* _Data records_

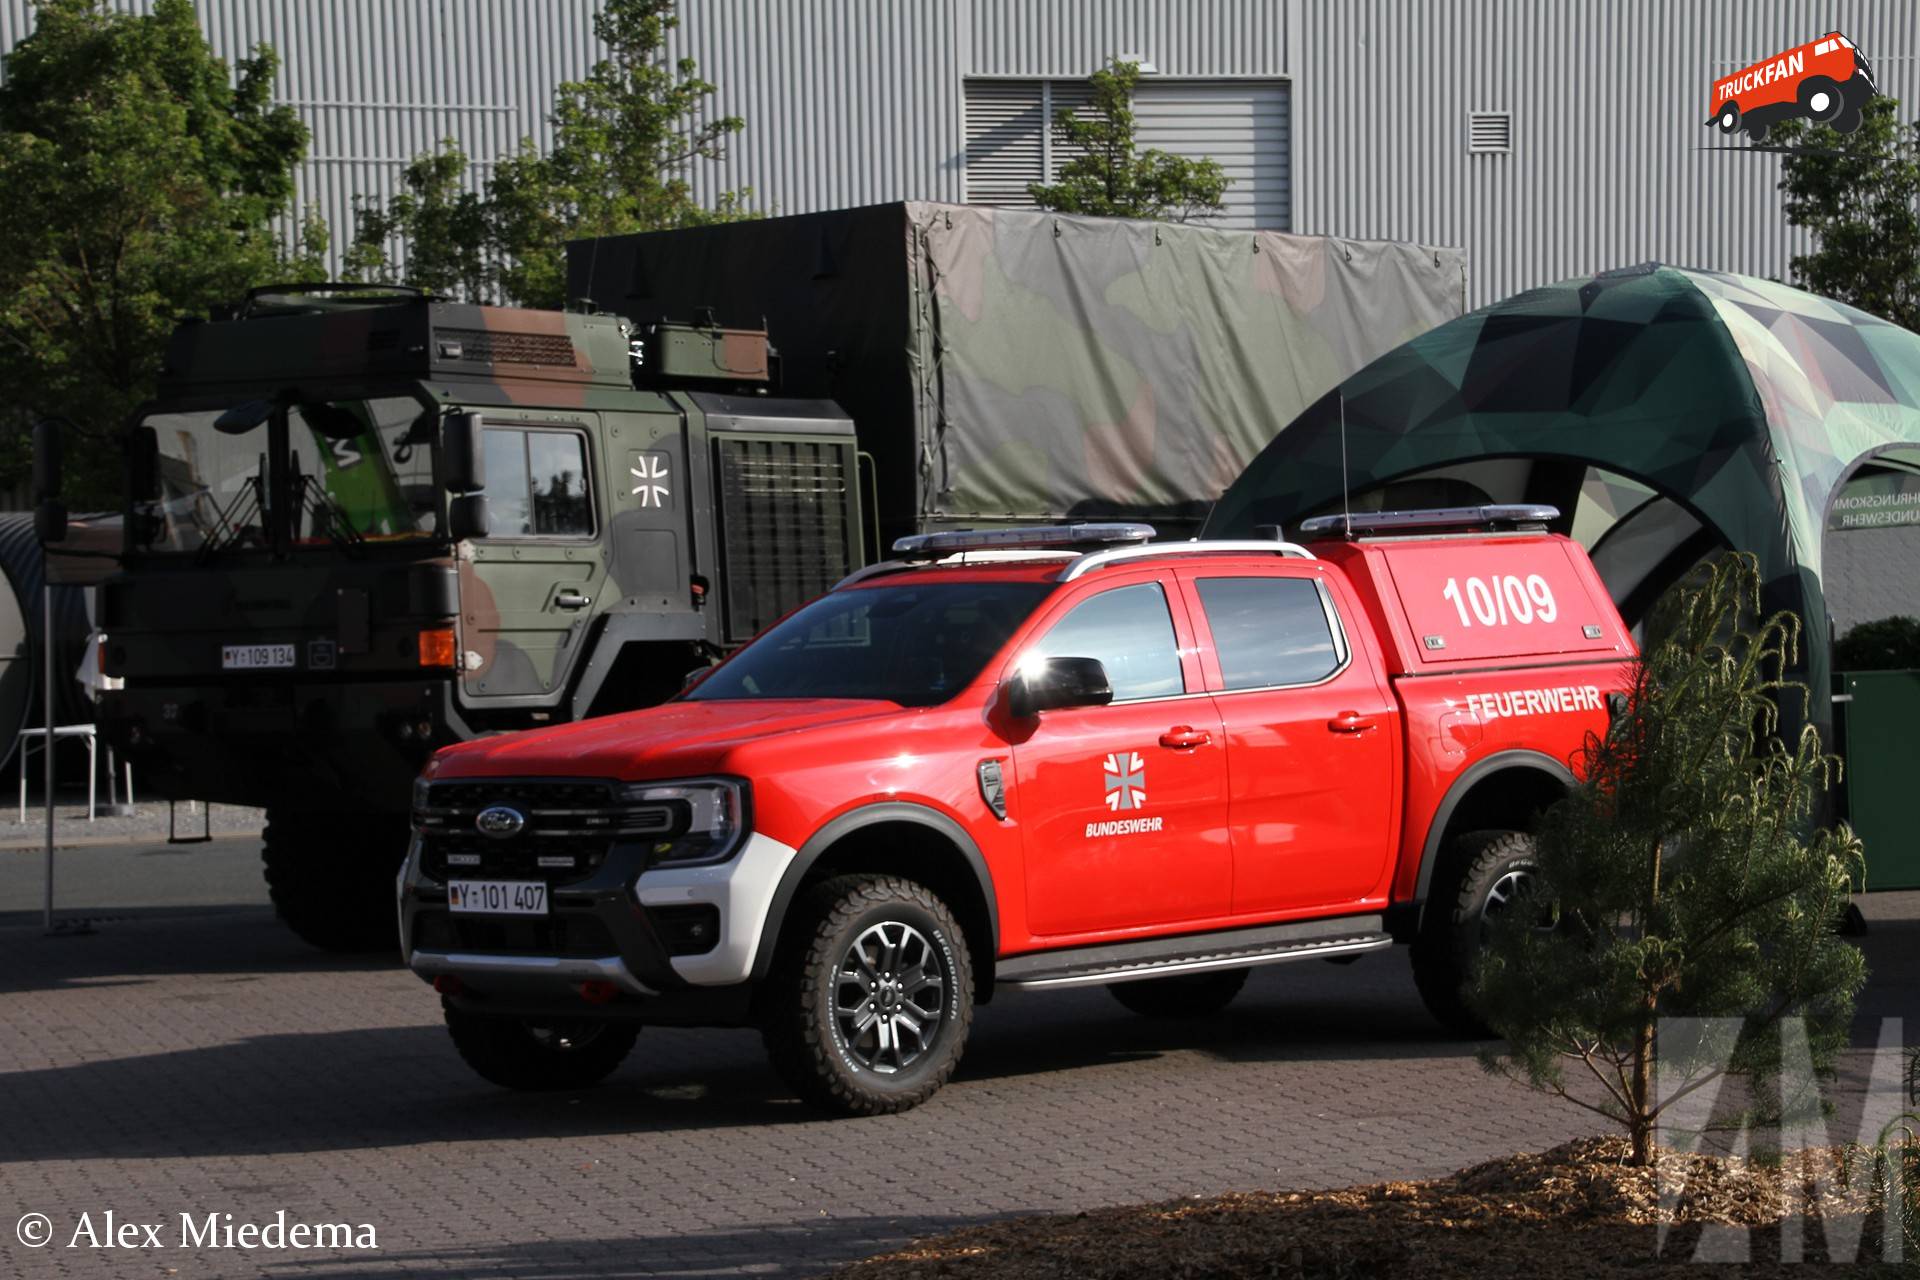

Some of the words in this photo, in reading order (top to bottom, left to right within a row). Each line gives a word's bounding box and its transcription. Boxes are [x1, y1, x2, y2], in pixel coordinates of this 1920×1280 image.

[1443, 574, 1558, 628] 10/09
[271, 647, 293, 665] 134
[1465, 685, 1602, 720] FEUERWEHR
[1085, 817, 1163, 838] BUNDESWEHR
[514, 885, 545, 910] 407

* _Problem to solve_
An exact copy of all the data above is required; omit any pictures.

* _Reply_
Some of the words in this photo, in reading order (top to bottom, left to right within a row). Each line gives a word's bounding box and its transcription. Boxes are [x1, y1, x2, y2], in pixel coordinates of this 1920×1280 image.

[1443, 574, 1558, 628] 10/09
[271, 647, 293, 665] 134
[1465, 685, 1602, 720] FEUERWEHR
[1085, 817, 1163, 838] BUNDESWEHR
[514, 885, 545, 910] 407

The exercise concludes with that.